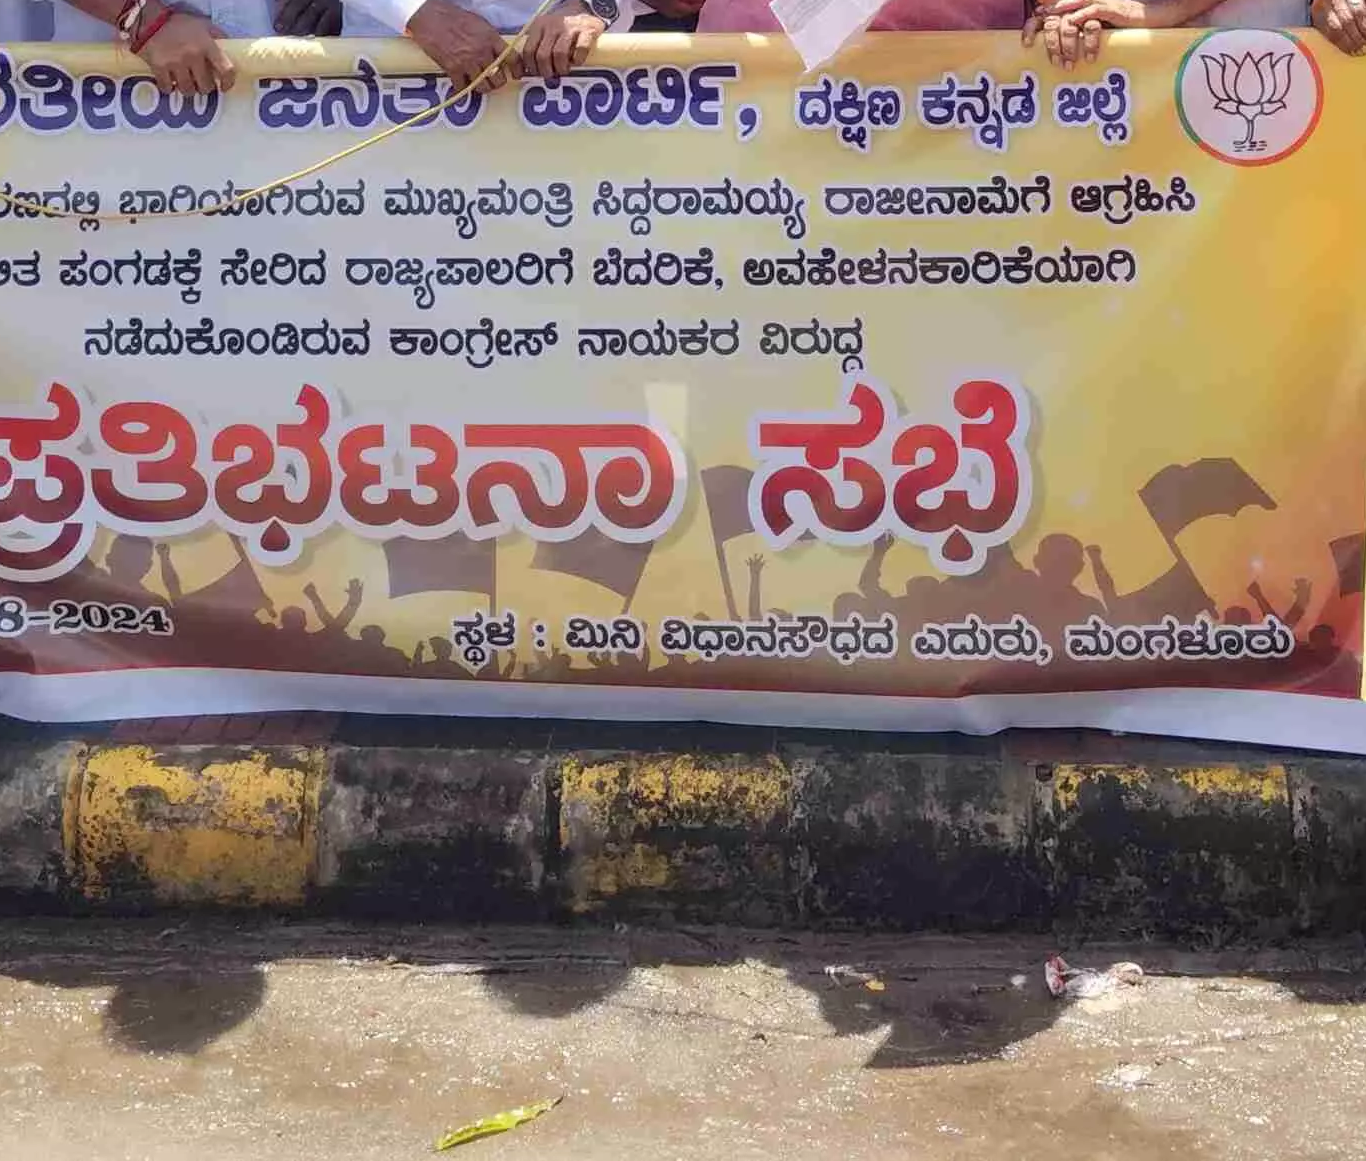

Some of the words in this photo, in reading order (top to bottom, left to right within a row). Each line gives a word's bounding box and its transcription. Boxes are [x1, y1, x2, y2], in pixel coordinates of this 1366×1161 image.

[257, 58, 483, 129] ಜನತಾ
[797, 74, 902, 150] ದಕ್ಷಿಣ
[921, 74, 1036, 150] ಕನ್ನಡ
[1055, 70, 1132, 144] ಜಿಲ್ಲೆ
[119, 178, 366, 225] ಭಾಗಿಯಾಗಿರುವ
[383, 178, 574, 240] ಮುಖ್ಯಮಂತ್ರಿ
[591, 177, 807, 240] ಸಿದ್ದರಾಮಯ್ಯ
[825, 174, 1051, 219] ರಾಜೀನಾಮೆಗೆ
[1071, 173, 1196, 224] ಆಗ್ರಹಿಸಿ
[58, 247, 204, 305] ಪಂಗಡಕ್ಕೆ
[221, 248, 327, 288] ಸೇರಿದ
[345, 246, 574, 309] ರಾಜ್ಯಪಾಲರಿಗೆ
[592, 246, 725, 291] ಬೆದರಿಕೆ,
[742, 245, 1138, 288] ಅವಹೇಳನಕಾರಿಕೆಯಾಗಿ
[83, 317, 371, 357] ನಡೆದುಕೊಂಡಿರುವ
[578, 317, 740, 357] ನಾಯಕರ
[757, 379, 1021, 562] ಸಭೆ
[453, 612, 516, 666] ಸ್ಥಳ
[565, 616, 641, 649] ಮಿನಿ
[662, 613, 894, 661] ವಿಧಾನಸೌಧದ
[915, 614, 1049, 661] ಎದುರು,
[1070, 615, 1291, 658] ಮಂಗಳೂರು
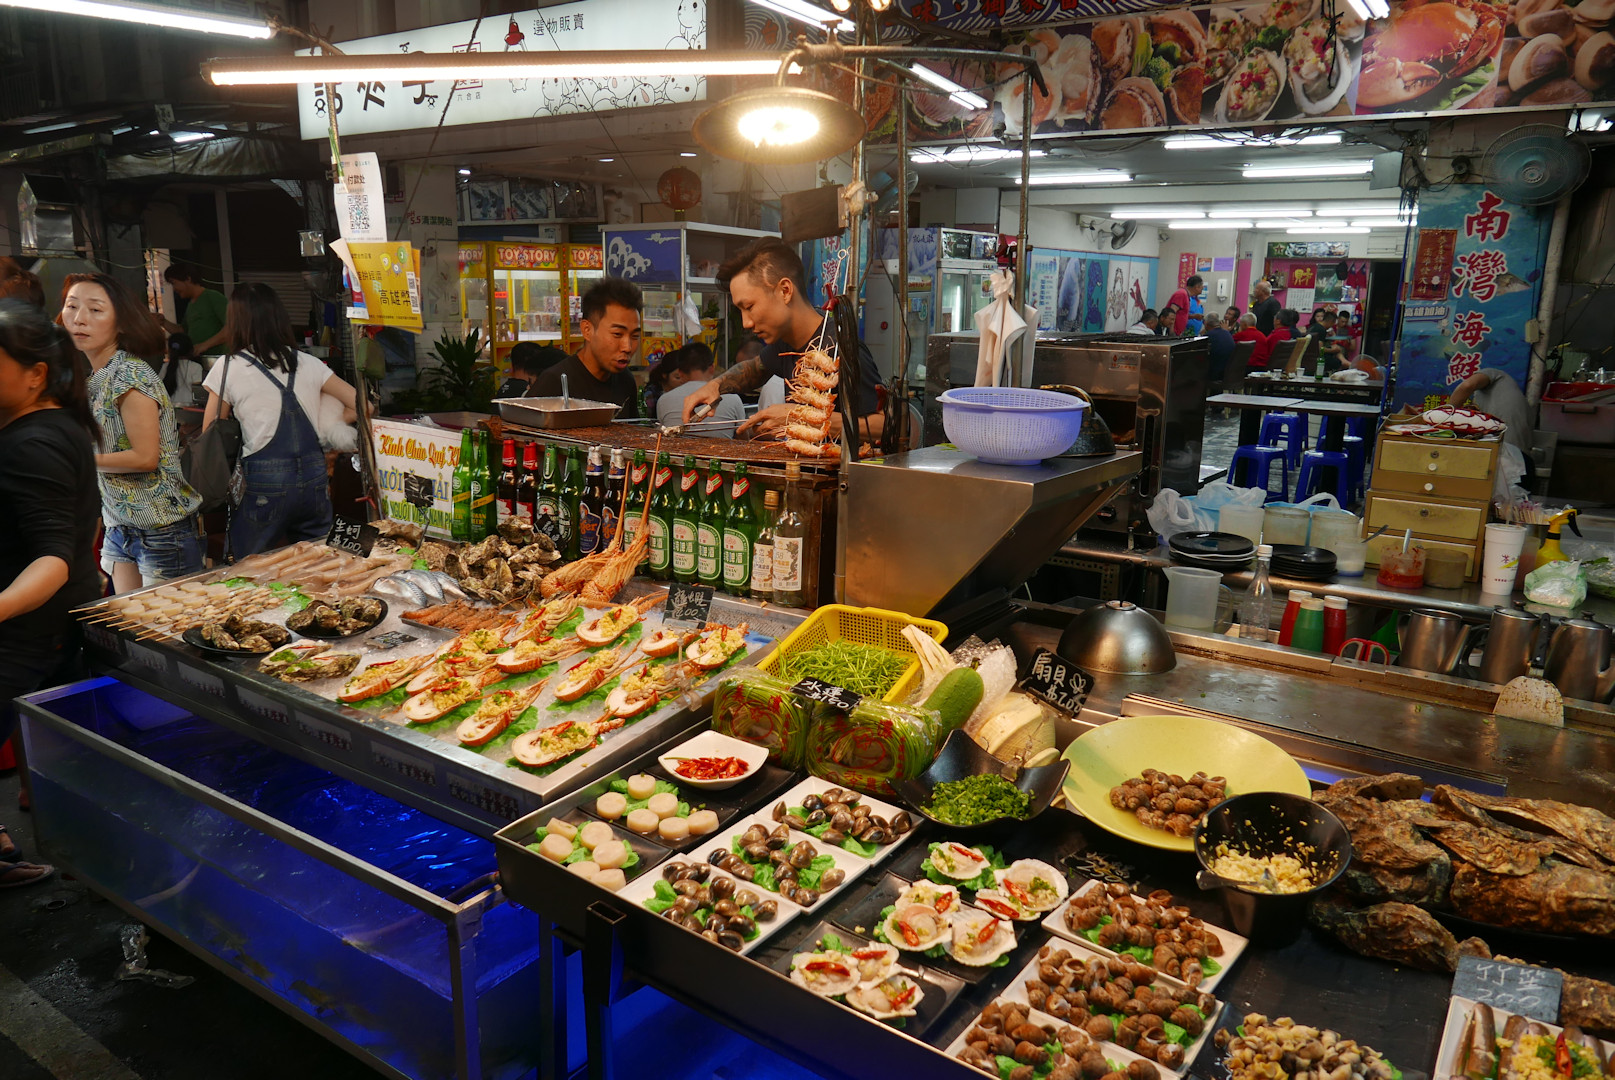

• Task details
Each line of the listing is to be retyped exactly, and its pictures are to be dropped.

• Answer to the problem
Some of the words in this photo, in reading order (top to bottom, left to right within a row). Each line gives a word's bounding box and its transcription. Boxes are [x1, y1, x2, y2], in pixel coordinates of this 1366×1161 image.

[257, 58, 483, 129] ಜನತಾ
[797, 74, 902, 150] ದಕ್ಷಿಣ
[921, 74, 1036, 150] ಕನ್ನಡ
[1055, 70, 1132, 144] ಜಿಲ್ಲೆ
[119, 178, 366, 225] ಭಾಗಿಯಾಗಿರುವ
[383, 178, 574, 240] ಮುಖ್ಯಮಂತ್ರಿ
[591, 177, 807, 240] ಸಿದ್ದರಾಮಯ್ಯ
[825, 174, 1051, 219] ರಾಜೀನಾಮೆಗೆ
[1071, 173, 1196, 224] ಆಗ್ರಹಿಸಿ
[58, 247, 204, 305] ಪಂಗಡಕ್ಕೆ
[221, 248, 327, 288] ಸೇರಿದ
[345, 246, 574, 309] ರಾಜ್ಯಪಾಲರಿಗೆ
[592, 246, 725, 291] ಬೆದರಿಕೆ,
[742, 245, 1138, 288] ಅವಹೇಳನಕಾರಿಕೆಯಾಗಿ
[83, 317, 371, 357] ನಡೆದುಕೊಂಡಿರುವ
[578, 317, 740, 357] ನಾಯಕರ
[757, 379, 1021, 562] ಸಭೆ
[453, 612, 516, 666] ಸ್ಥಳ
[565, 616, 641, 649] ಮಿನಿ
[662, 613, 894, 661] ವಿಧಾನಸೌಧದ
[915, 614, 1049, 661] ಎದುರು,
[1070, 615, 1291, 658] ಮಂಗಳೂರು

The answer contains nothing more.